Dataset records

******************************

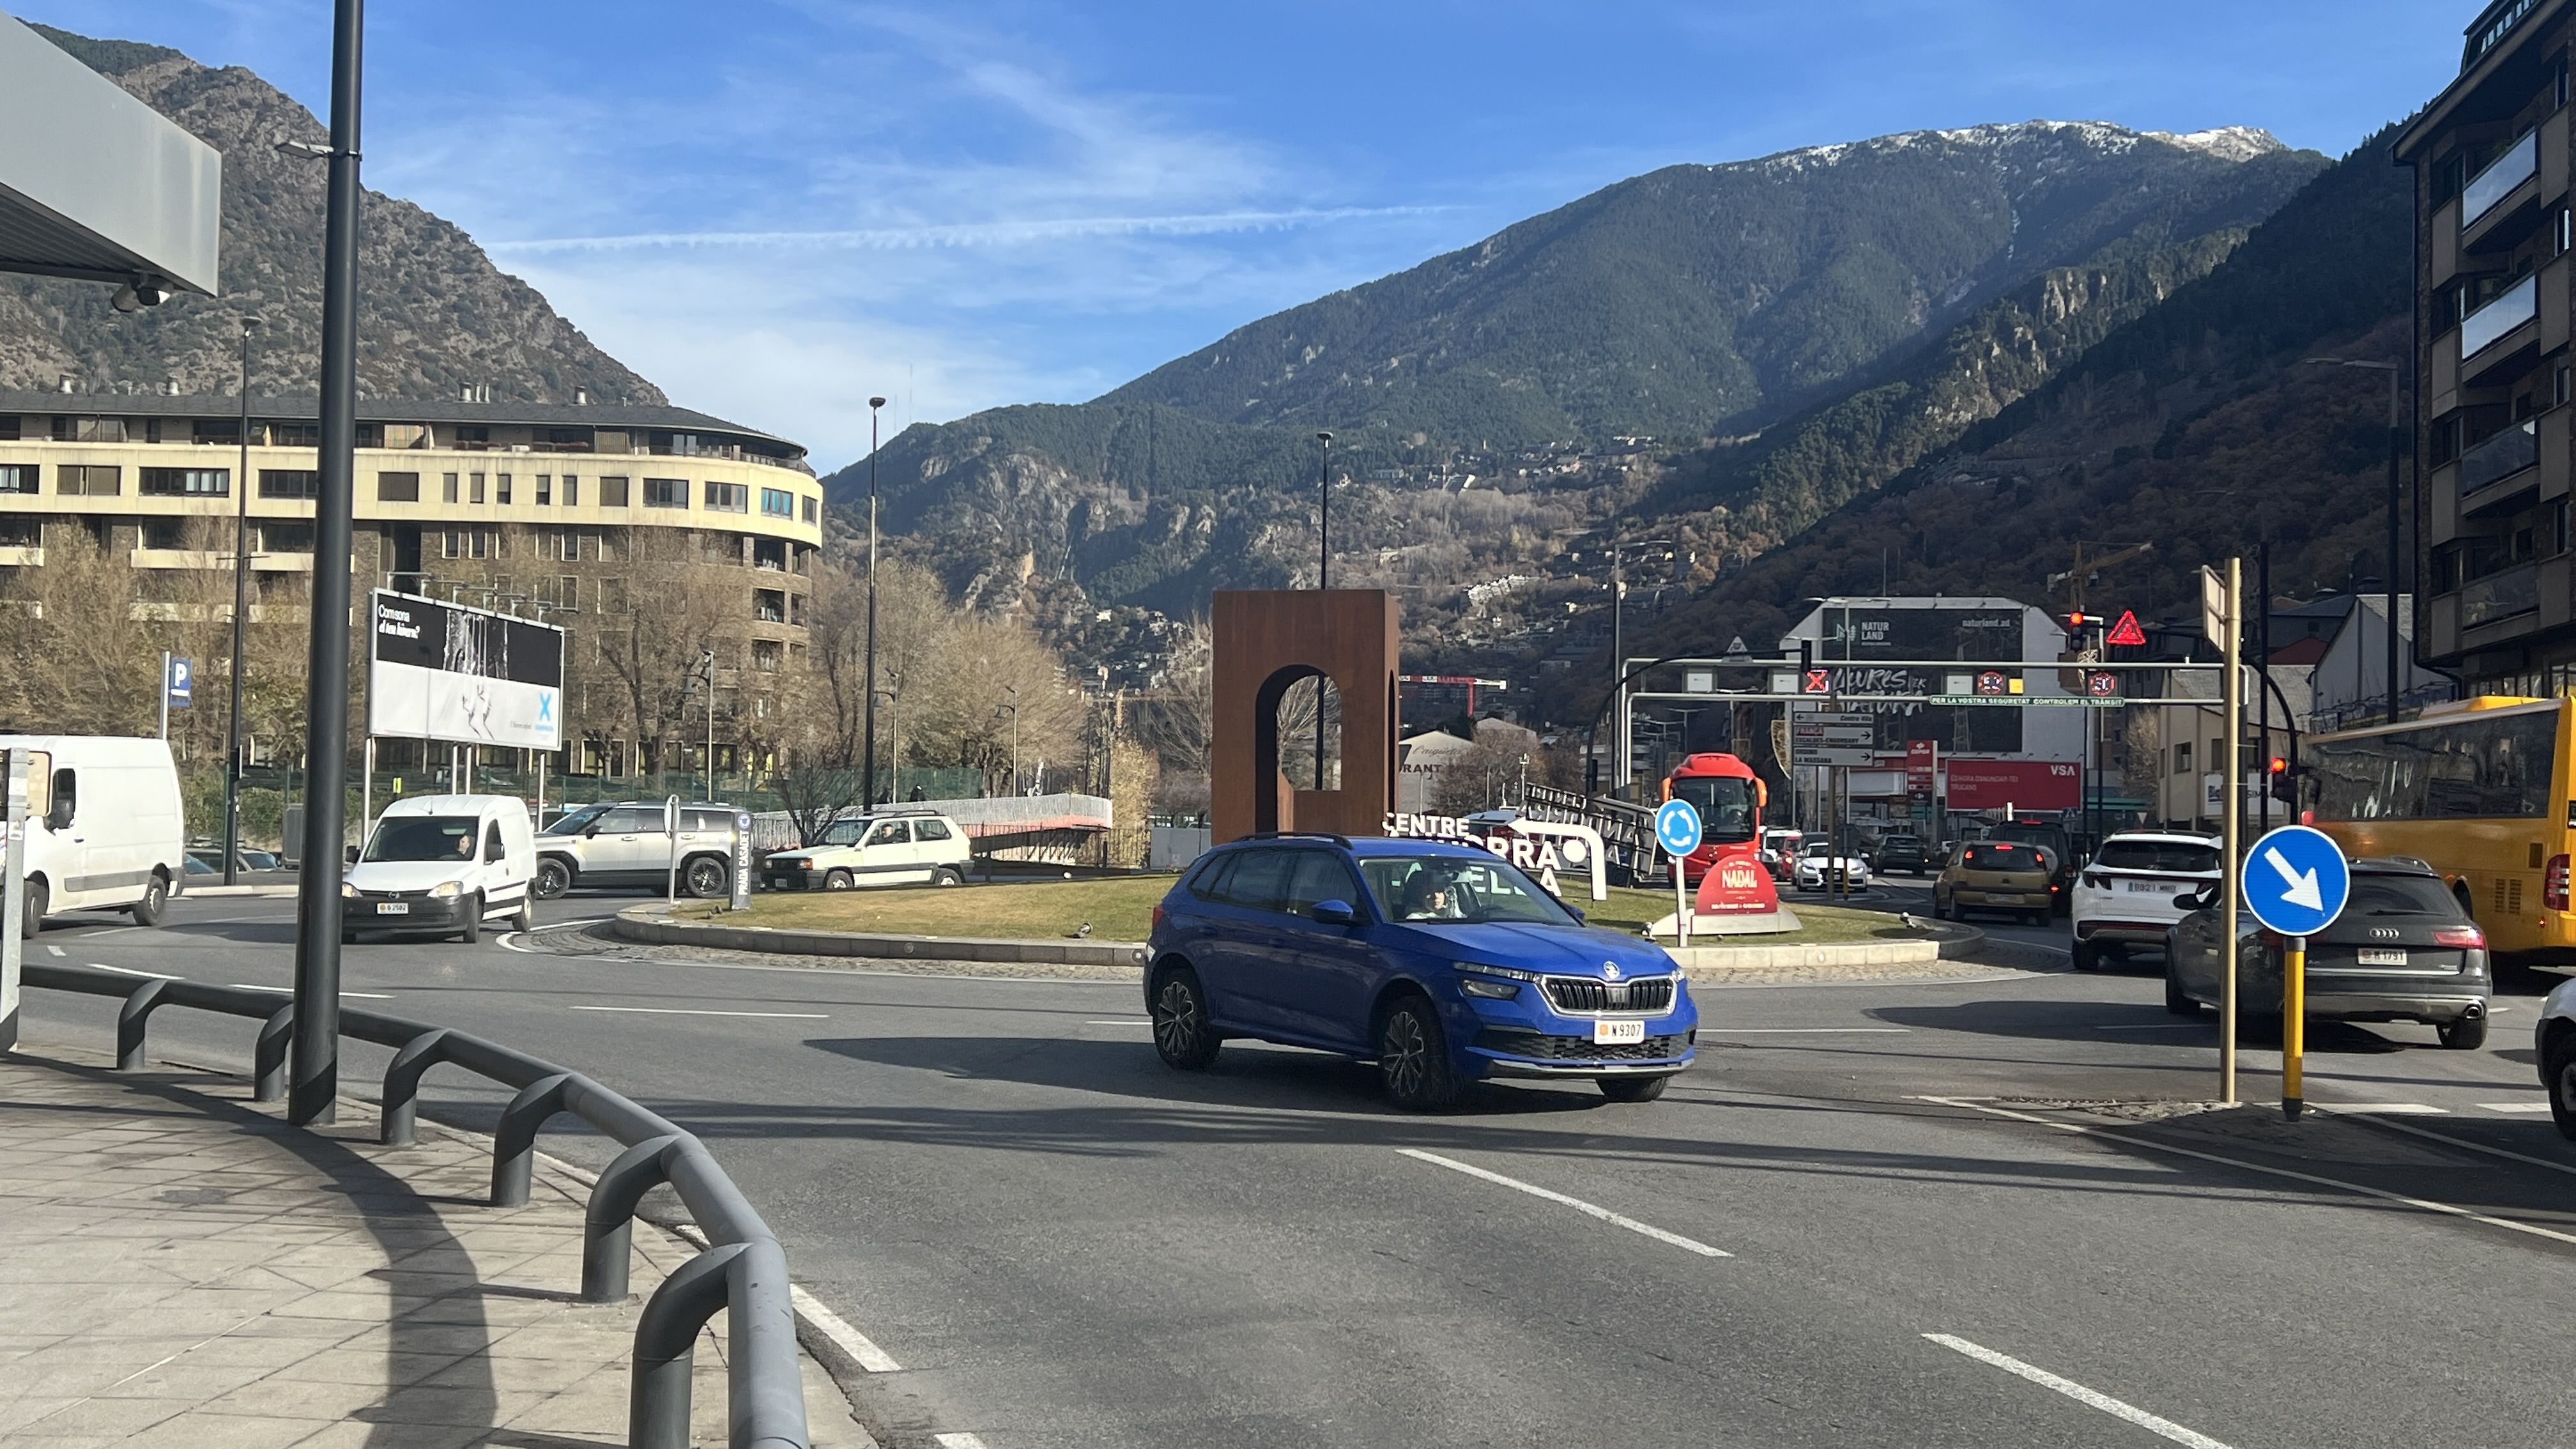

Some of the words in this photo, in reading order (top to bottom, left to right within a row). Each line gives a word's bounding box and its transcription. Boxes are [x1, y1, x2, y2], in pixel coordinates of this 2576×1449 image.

[1861, 622, 1889, 631] NATUR
[1861, 631, 1884, 640] LAND
[174, 663, 187, 687] P
[2050, 765, 2076, 776] VSA
[1722, 870, 1758, 888] NADAL
[1620, 1024, 1641, 1037] 9307

******************************

Each record above should be retyped exactly, with no pictures carried over.

Expected output →
Some of the words in this photo, in reading order (top to bottom, left to right within a row). Each line gives a word's bounding box and its transcription. Boxes are [x1, y1, x2, y2], in pixel coordinates of this 2576×1449 image.

[1861, 622, 1889, 631] NATUR
[1861, 631, 1884, 640] LAND
[174, 663, 187, 687] P
[2050, 765, 2076, 776] VSA
[1722, 870, 1758, 888] NADAL
[1620, 1024, 1641, 1037] 9307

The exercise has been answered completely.